Novel compositional mode: Ringing Mode TM

Ringing Mode is a new AFM imaging mode that provides previously inaccessible information regarding the composition of samples. As an extension of sub-resonance tapping, it allows the collection of 8 new physical sample properties in addition to standard sub-resonance imaging modes. Ringing Mode utilizes portions of a signal received from an AFM cantilever that have hitherto been regarded as noise and, typically, filtered out or ignored.

A typical unfiltered signal of an AFM cantilever position (deflection) as a function of time is shown in the figure above. Positive values of the deflection correspond to the cantilever deflection due to forces of repulsion, and vice versa; negative d stands for the attraction between the AFM probe and sample surface.


Ringing ModeTM is a combination of the oscillatory non-resonant mode and a resonant one. It operates with the non-resonant feedback, but utilizes the signal information from the ringing of the AFM cantilever (free resonance oscillations of the cantilever which occur after detaching the AFM probe from a sample surface). The analysis of the amplitude of the ringing signal provides novel information about the sample surface.

Ringing Mode works with standard AFM probes used in sub-resonant modes. NSS has demonstrated the application of this mode for various polymers and bio-materials. Ringing ModeTM works with any non-resonant mode, including ScanAssystTM, PeakForce Tapping®, HybriDTM, Pulsed Force Mode, and other commercial modes. It works while scanning  in air and in liquids. 


Advantages of Ringing ModeTM:


Provides up to eight additional novel information channels.

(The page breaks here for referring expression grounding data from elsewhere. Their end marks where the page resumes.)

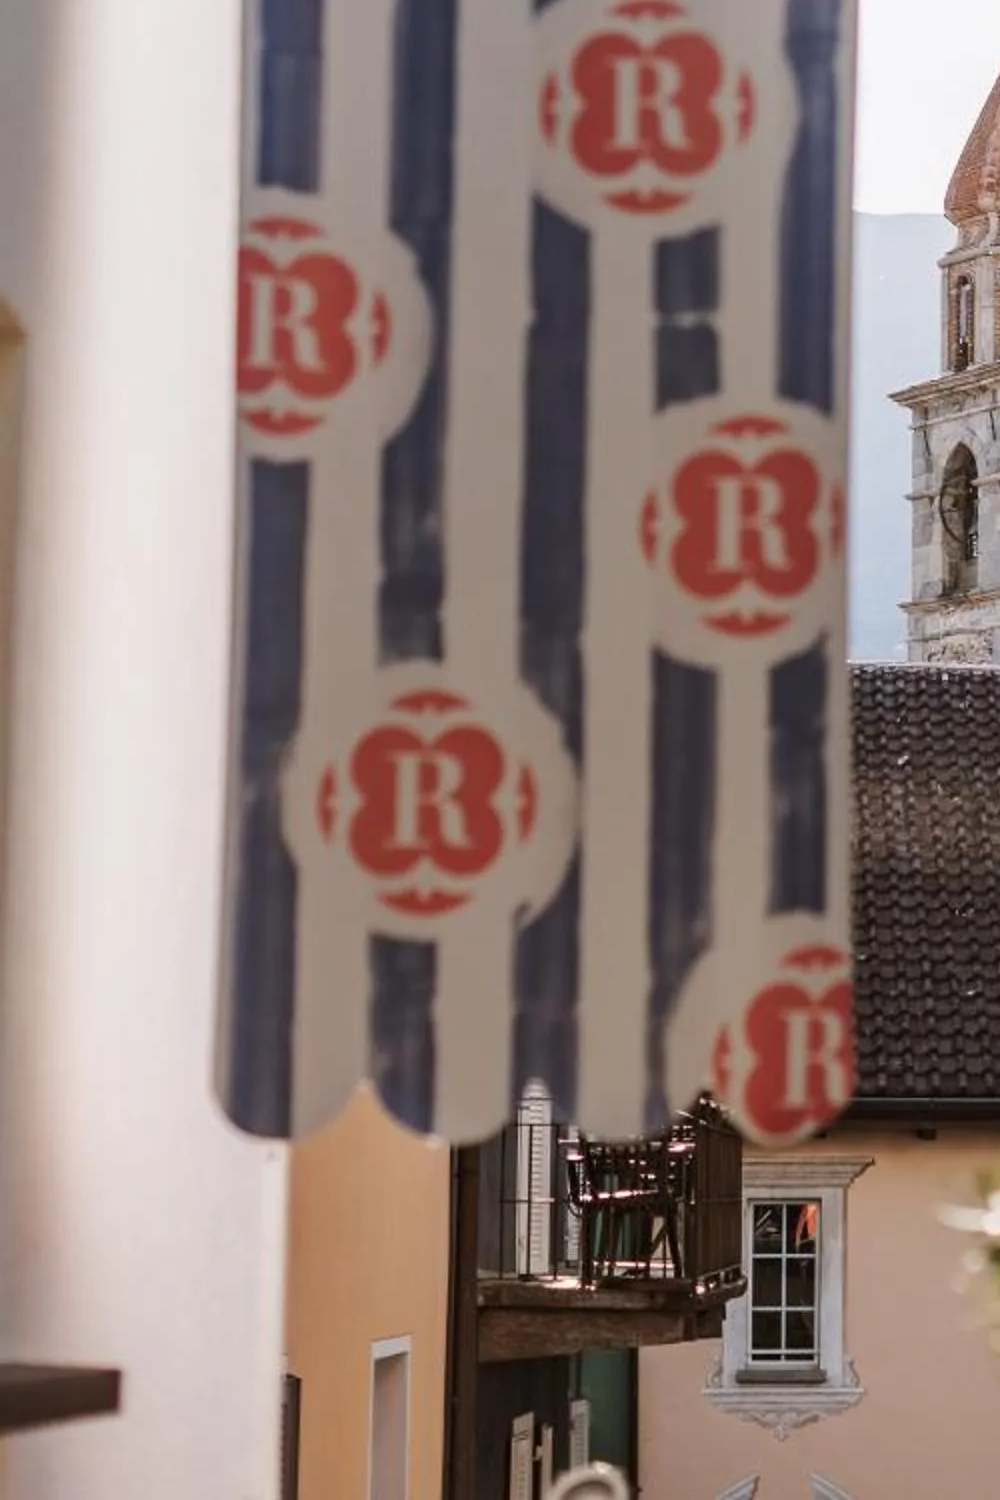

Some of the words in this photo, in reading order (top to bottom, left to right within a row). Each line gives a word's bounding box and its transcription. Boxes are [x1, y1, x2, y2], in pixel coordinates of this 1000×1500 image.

[607, 58, 690, 151] R
[244, 276, 325, 372] R
[709, 477, 791, 572] R
[388, 752, 472, 849] R
[781, 1010, 850, 1109] R
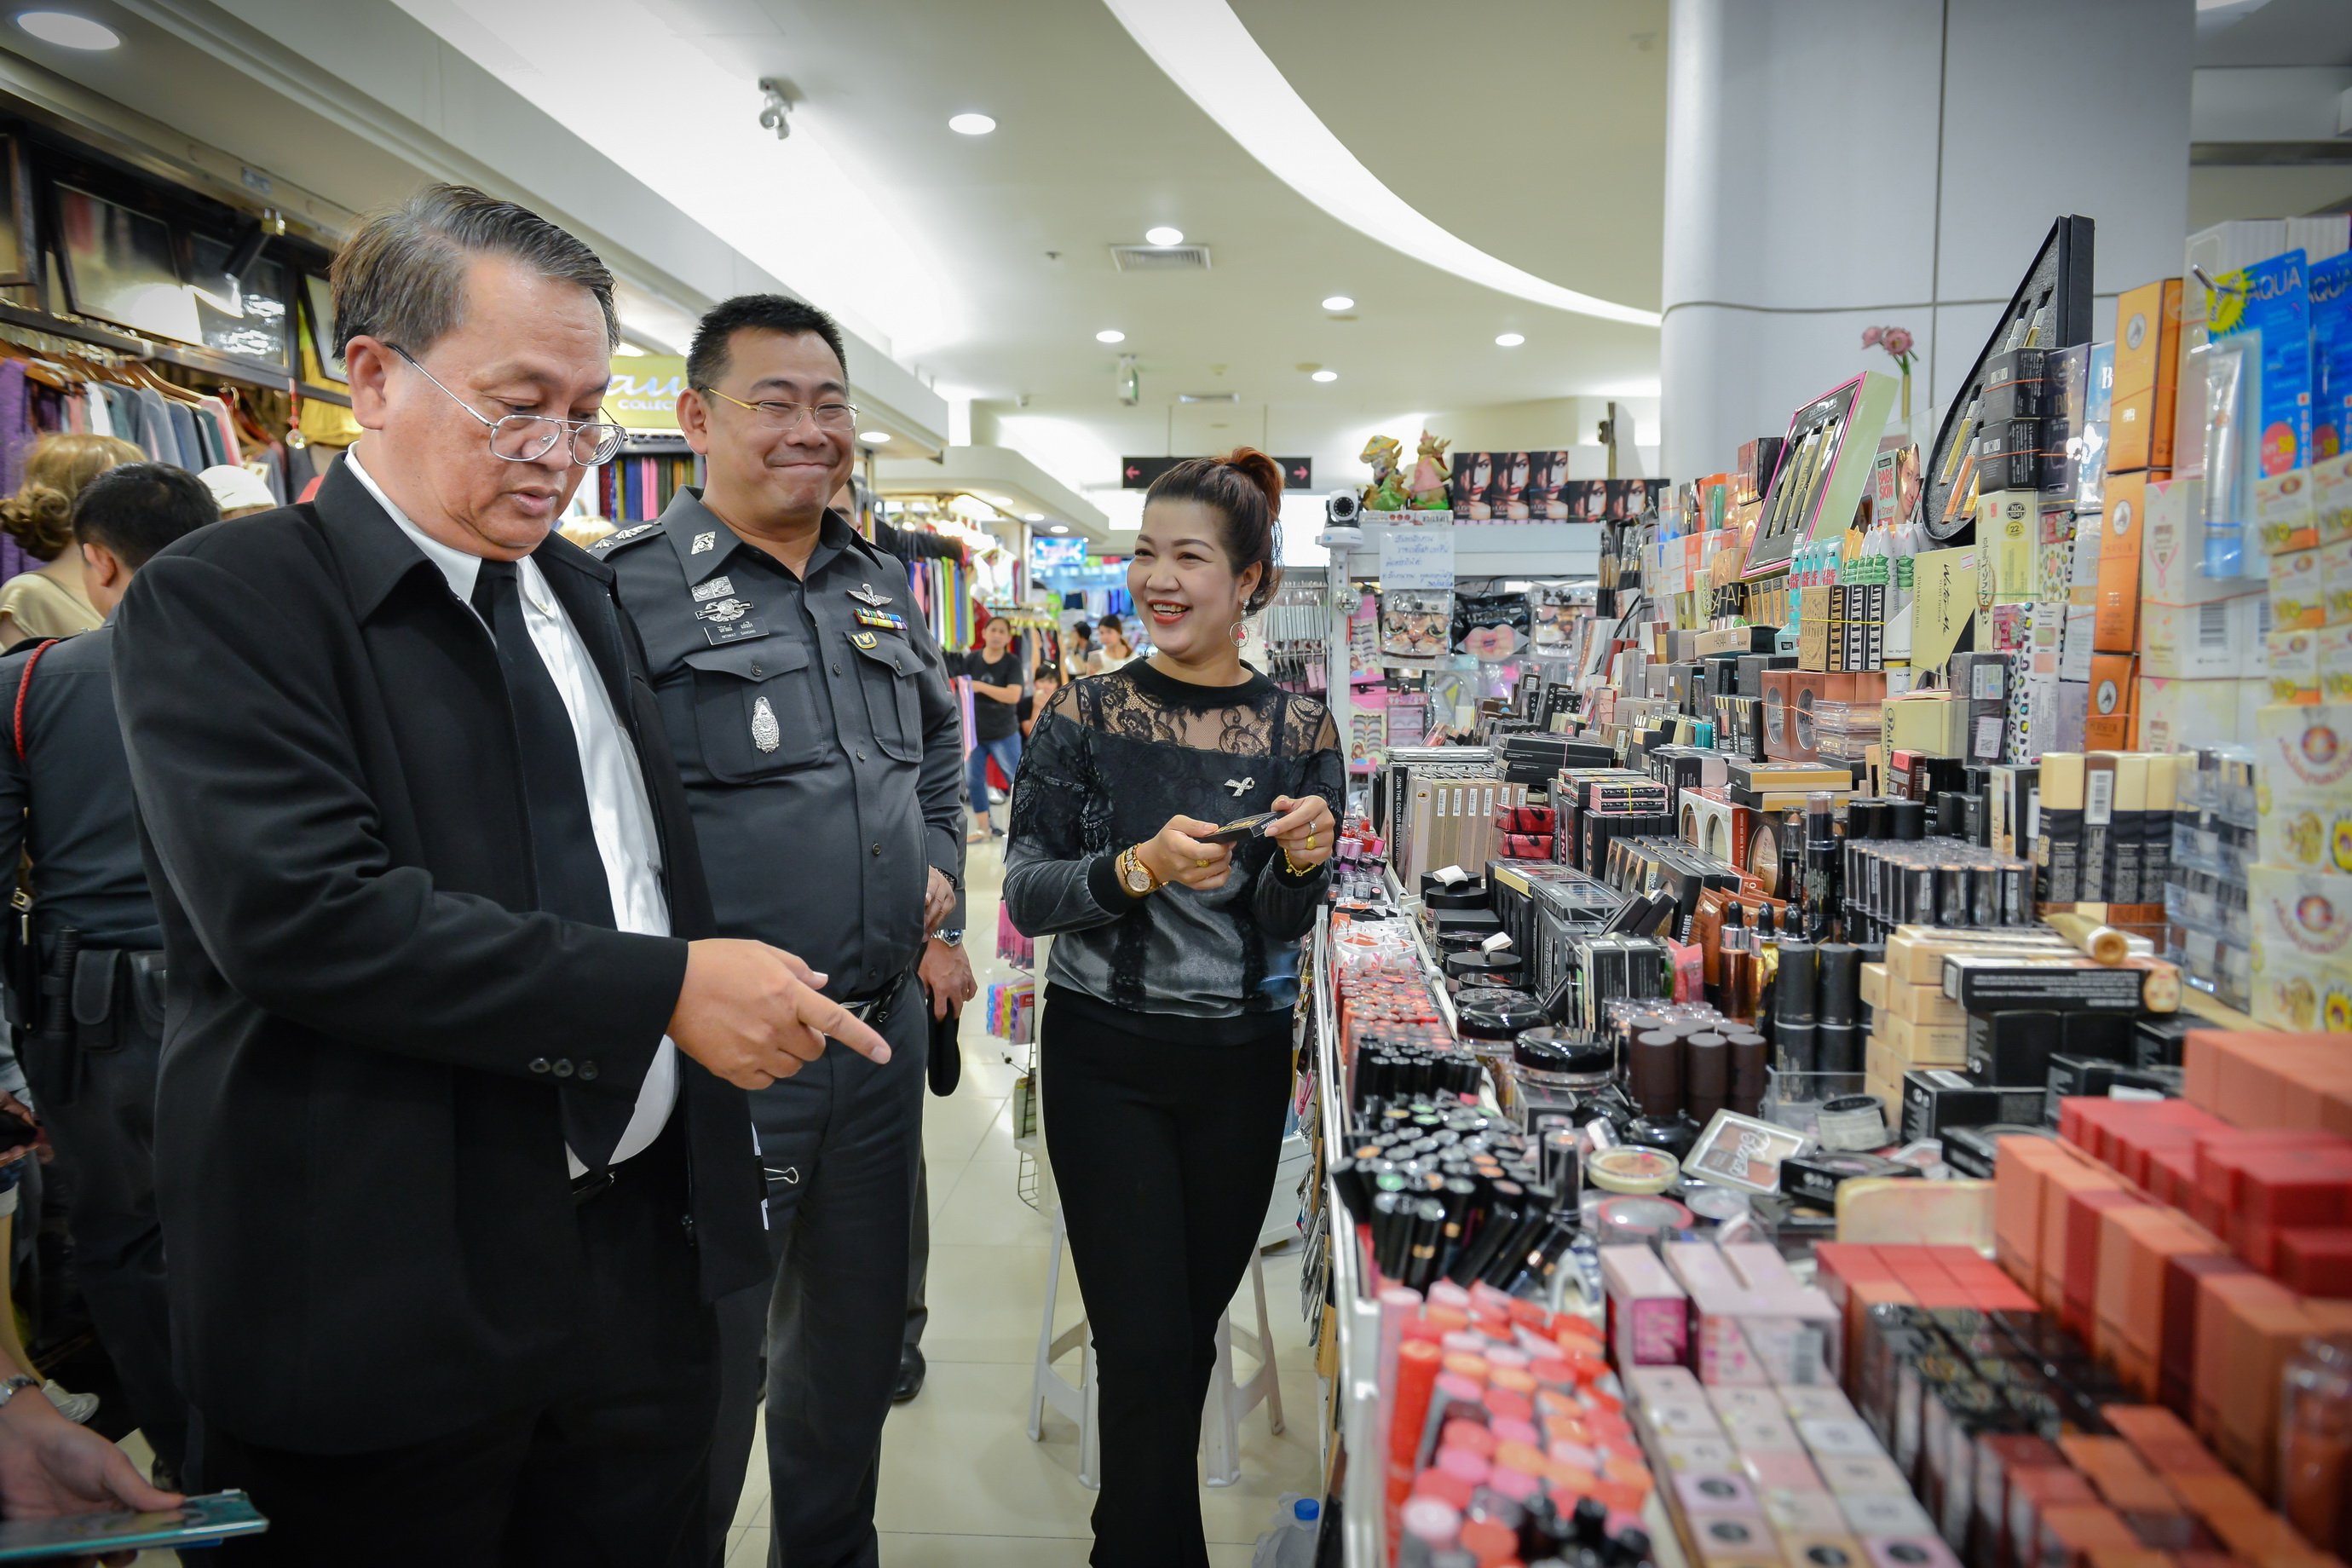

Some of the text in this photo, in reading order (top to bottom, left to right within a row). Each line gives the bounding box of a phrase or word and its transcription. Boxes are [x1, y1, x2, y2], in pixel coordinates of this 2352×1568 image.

[1878, 468, 1894, 486] BABE
[1879, 484, 1894, 501] SKIN
[1682, 914, 1692, 935] COLORS
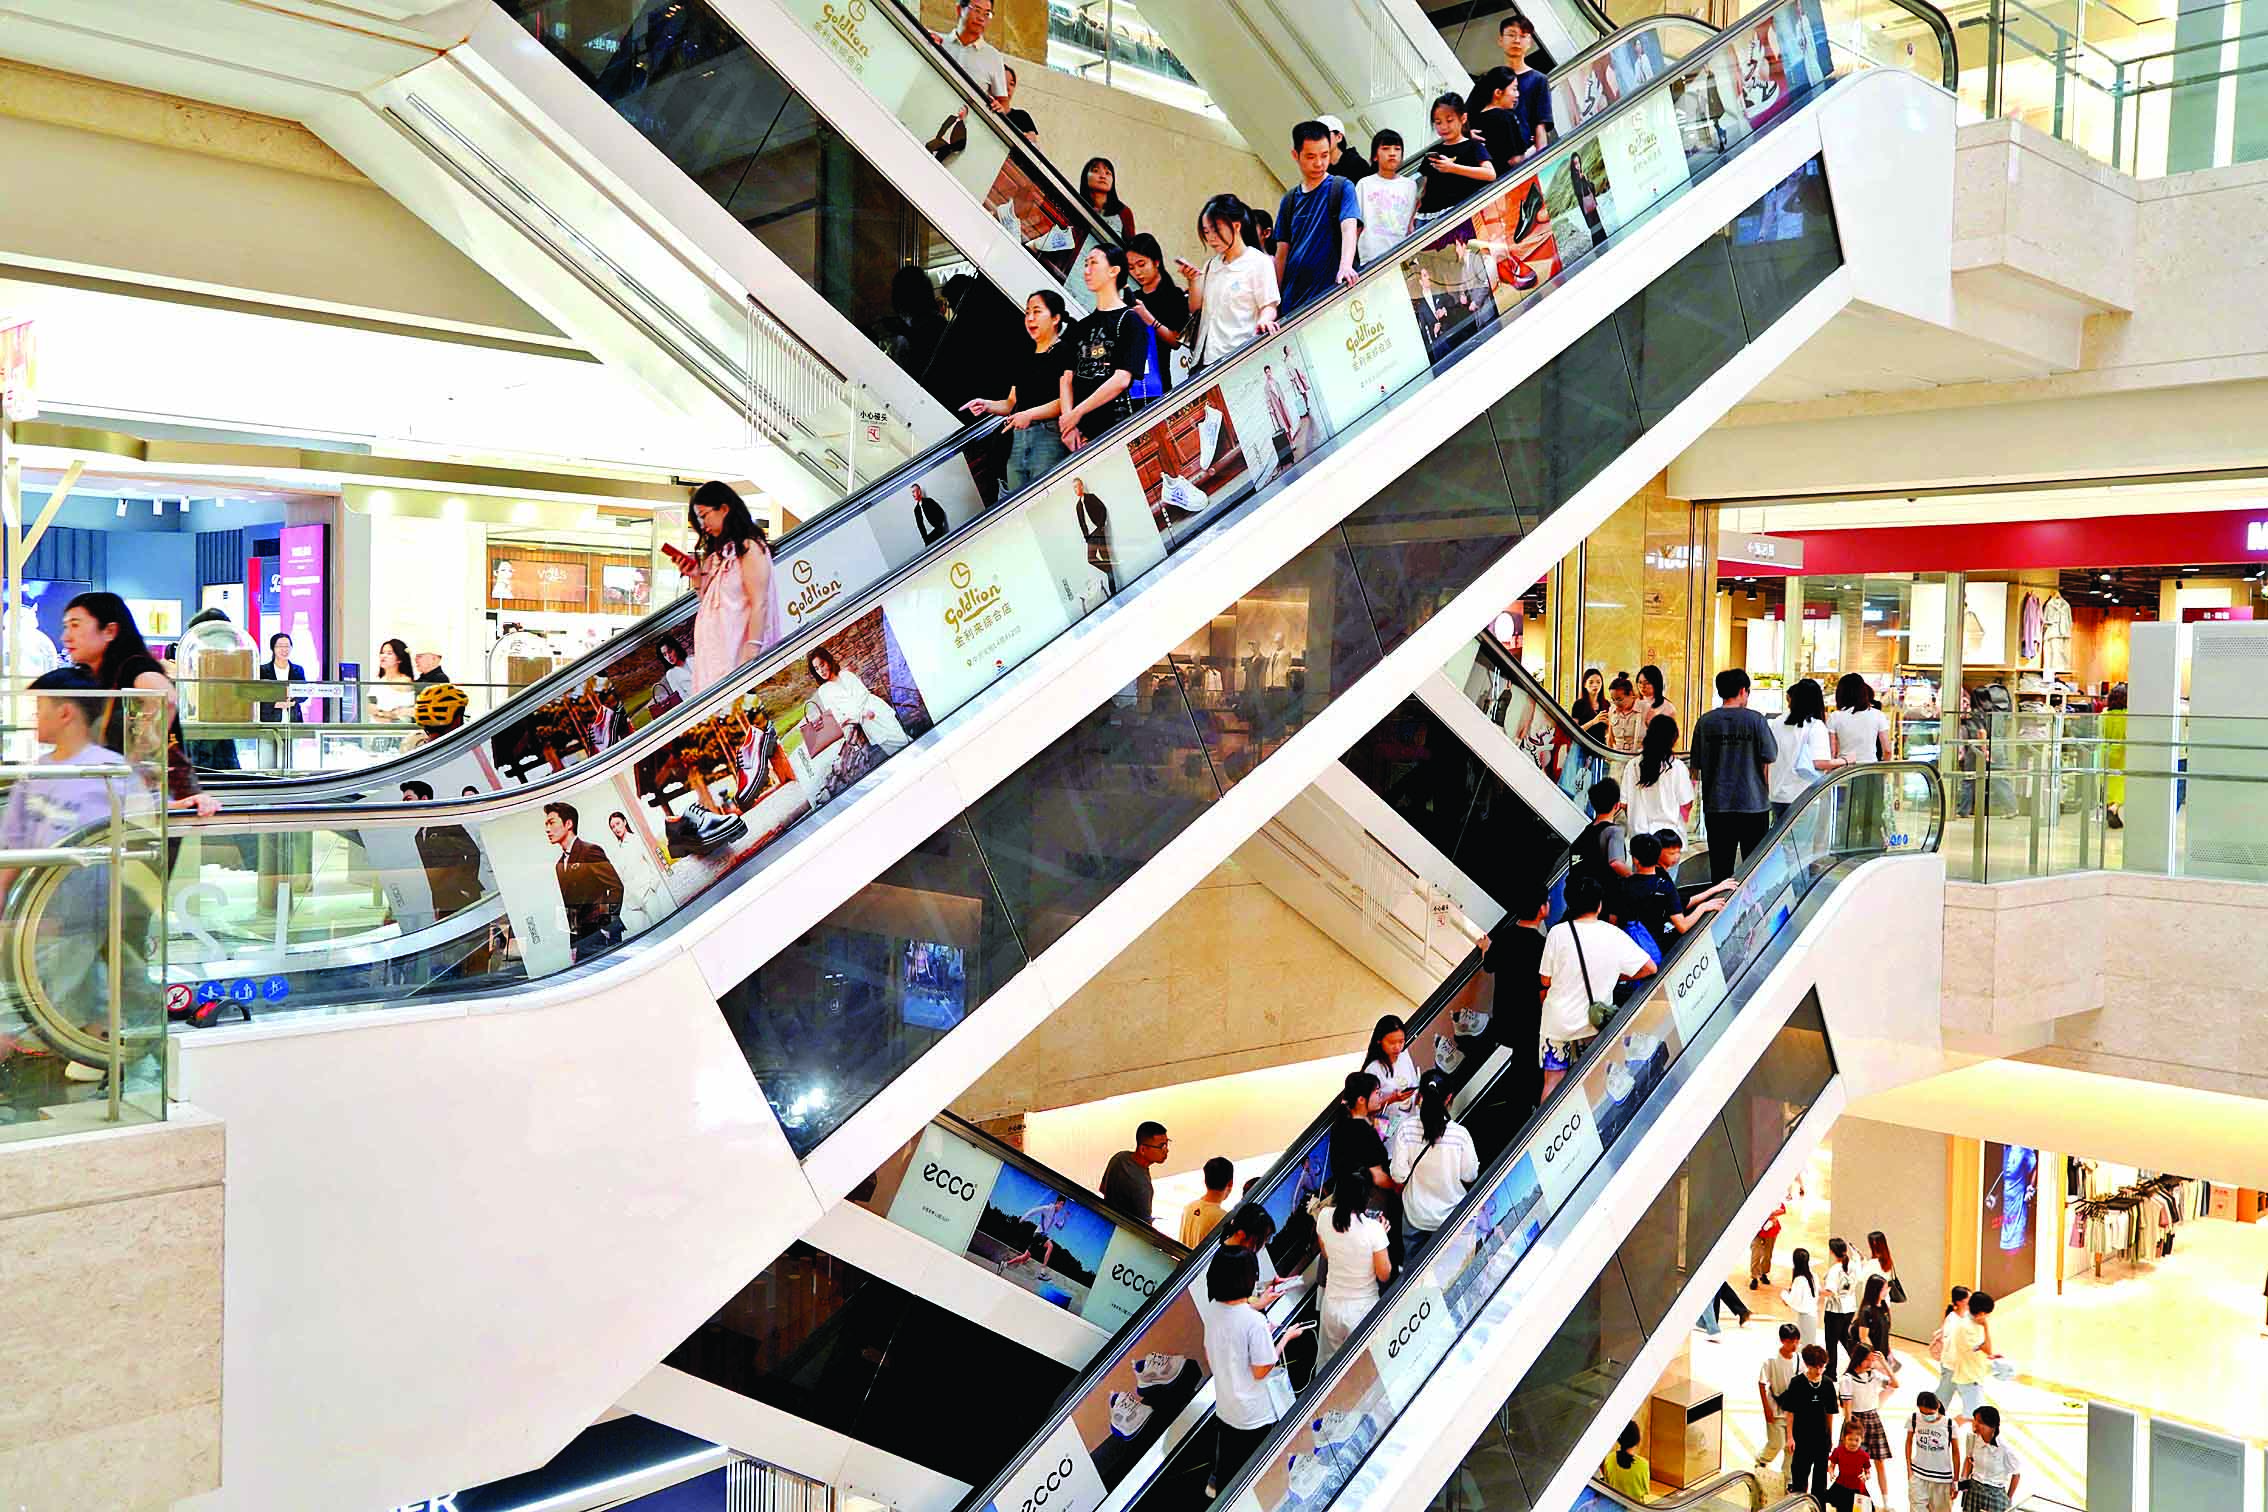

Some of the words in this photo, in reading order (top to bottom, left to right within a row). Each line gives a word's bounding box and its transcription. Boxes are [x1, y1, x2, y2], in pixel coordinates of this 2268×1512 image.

[787, 580, 842, 623] Goldlion
[944, 584, 1002, 633] Goldlion
[1677, 955, 1709, 998] ecco
[1544, 1114, 1581, 1163] ecco
[923, 1162, 975, 1201] ecco
[1111, 1263, 1155, 1297] ecco
[1388, 1301, 1431, 1358] ecco

 Ringing ModeTM produces a quantitative level of imaging. It gives new information about surfaces including:

– Restored (averaged) adhesion.

– Adhesion height.

– Disconnection height.

– Pull-off neck height.

– Disconnection distance.

– Disconnection energy loss.

– Dynamic creep phase shift.

– Zero-force height (this channel, though, is available in some commercial AFMs).


 A schematic of the signal exploited by Ringing ModeTM

One full cycle of 1 kHz vertical oscillation of the Z scanner is presented. A typical unfiltered signal of the cantilever deflection d (or force=kd, where k is the spring constant of the cantilever) as a function of time is shown. The dash-envelope lines show the decrease of the oscillating amplitude of the AFM cantilever due to dissipation.

> Restored (averaged) adhesion. After the pull-off (point D in the figure above ), the AFM cantilever jumps away from the surface, and the ringing starts. Each oscillation has smaller and smaller amplitude due to dissipation. When the quality factor is known (can be measured separately), one can extrapolate the value of the adhesion force to the moment of pull-off or, more precisely, to the time when the extrapolation curve crosses the deflection curve. This is shown in the above figure as point E. We call this restored adhesion (note, not yet averaged). Because the measured values of the cantilever deflection have an intrinsic noise, it is advantageous to calculate restored adhesion using multiple points of the ringing signal, and, subsequently, to average the obtained values to decrease the noise in the measured value of the restored adhesion. We call this restored averaged adhesion.

> Zero-force height (available in some commercial AFMs). The position of the sample when the load force (the cantilever deflection) is zero, points (B, B*) in the figure above.

> Adhesion height. The position of the sample at the maximum negative deflection of the cantilever (force is equal to the force of adhesion),  point (D).

> Disconnection height. The position of the sample when the force is equal to the force of restored adhesion,  point (E).

> Pull-off neck height. The height of the neck between the AFM probe and sample surface created by the adhesive action of the probe at the moment of pull-off, parameter Δ in the figure above.

> Disconnection distance. The height of the molecular asperities/molecules stretched by the AFM probe, parameter δ in the figure above.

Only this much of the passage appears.